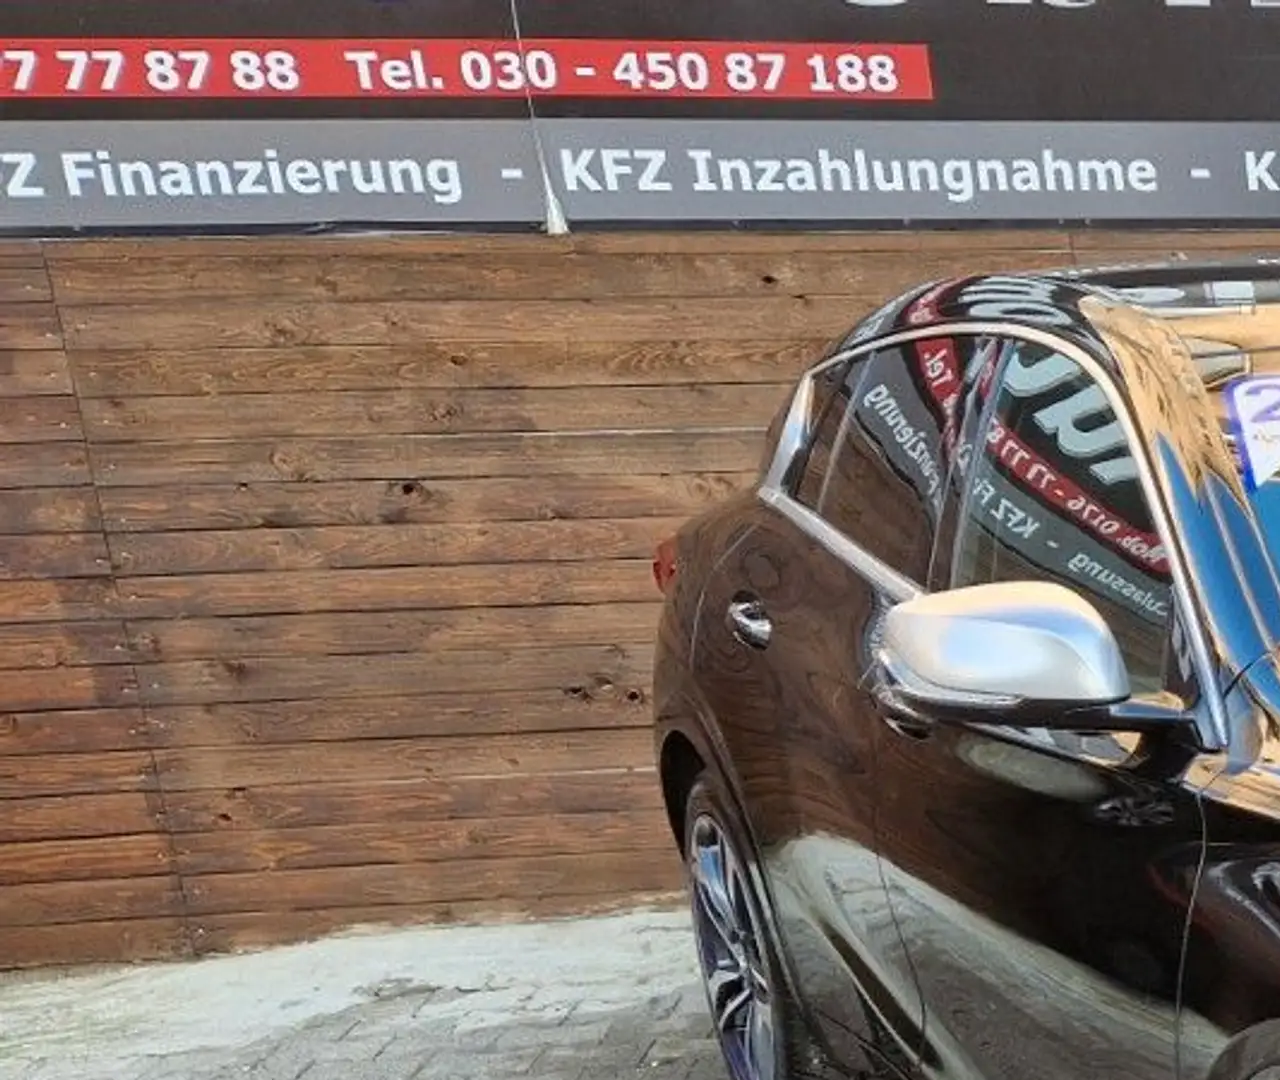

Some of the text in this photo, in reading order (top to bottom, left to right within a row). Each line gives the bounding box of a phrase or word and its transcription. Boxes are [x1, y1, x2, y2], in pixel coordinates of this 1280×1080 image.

[56, 51, 123, 91] 77
[144, 51, 209, 92] 87
[229, 51, 300, 92] 88
[343, 50, 444, 90] Tel.
[460, 51, 556, 91] 030
[575, 67, 597, 77] -
[612, 51, 709, 91] 450
[725, 53, 785, 92] 87
[807, 54, 899, 93] 188
[60, 149, 463, 204] Finanzierung
[501, 168, 523, 181] -
[559, 149, 672, 192] KFZ
[687, 149, 1158, 202] Inzahlungnahme
[1190, 168, 1211, 180] -

= = = = = = =

*The problem:*
Recopy the whole listing above precisely, excluding images.

*Exercise output:*
Some of the text in this photo, in reading order (top to bottom, left to right within a row). Each line gives the bounding box of a phrase or word and its transcription. Boxes are [x1, y1, x2, y2], in pixel coordinates of this 1280×1080 image.

[56, 51, 123, 91] 77
[144, 51, 209, 92] 87
[229, 51, 300, 92] 88
[343, 50, 444, 90] Tel.
[460, 51, 556, 91] 030
[575, 67, 597, 77] -
[612, 51, 709, 91] 450
[725, 53, 785, 92] 87
[807, 54, 899, 93] 188
[60, 149, 463, 204] Finanzierung
[501, 168, 523, 181] -
[559, 149, 672, 192] KFZ
[687, 149, 1158, 202] Inzahlungnahme
[1190, 168, 1211, 180] -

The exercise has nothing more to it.